** Opening The data block **

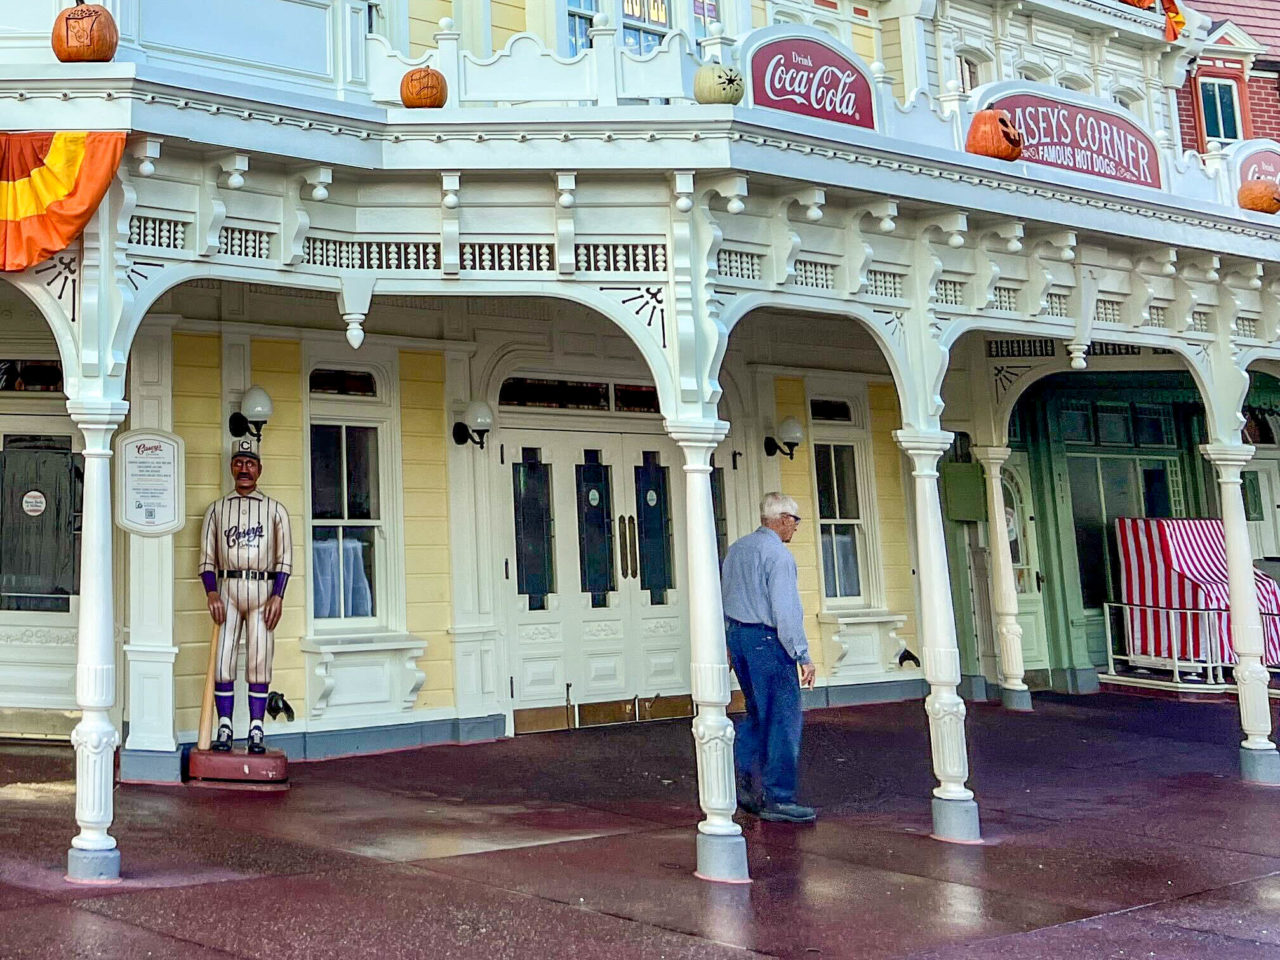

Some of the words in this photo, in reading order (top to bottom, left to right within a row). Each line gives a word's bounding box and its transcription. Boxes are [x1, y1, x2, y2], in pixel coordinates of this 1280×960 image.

[791, 51, 813, 67] Drink
[764, 54, 857, 116] Coca-Cola
[1003, 105, 1071, 146] ASEY'S
[1075, 113, 1152, 183] CORNER
[1038, 145, 1073, 167] FAMOUS
[1075, 149, 1091, 170] HOT
[1093, 154, 1116, 176] DOGS
[241, 441, 250, 450] C
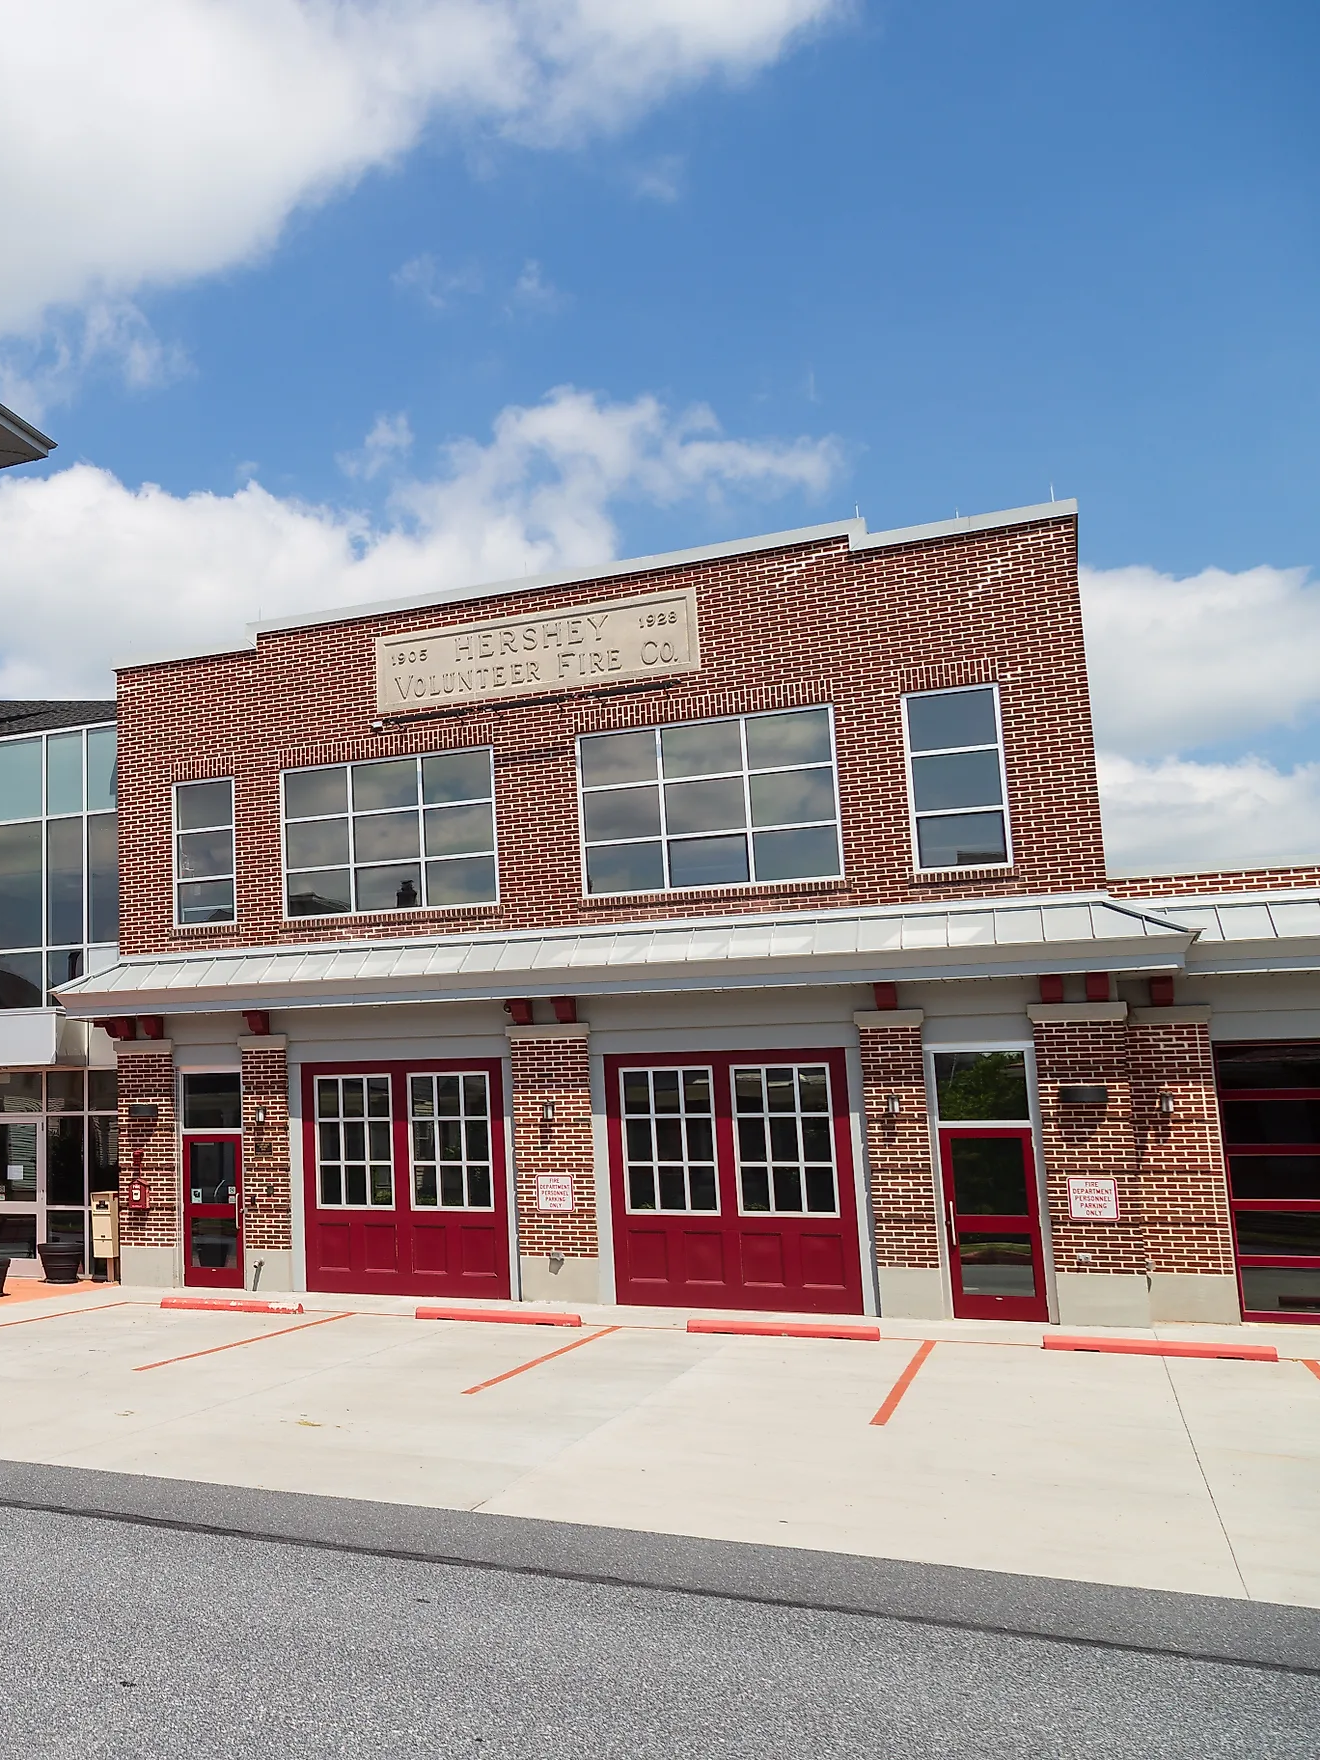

** Closing The data block **

### Work item
In the copy, include every record exactly and no pictures at all.

### Exercise output
Some of the words in this photo, in reading order (top to bottom, left to right within a row). Each line gives a word's bounding box and its transcription. Boxes are [x1, y1, x2, y2], in pixel coordinates of this 1280×960 image.

[791, 51, 813, 67] Drink
[764, 54, 857, 116] Coca-Cola
[1003, 105, 1071, 146] ASEY'S
[1075, 113, 1152, 183] CORNER
[1038, 145, 1073, 167] FAMOUS
[1075, 149, 1091, 170] HOT
[1093, 154, 1116, 176] DOGS
[241, 441, 250, 450] C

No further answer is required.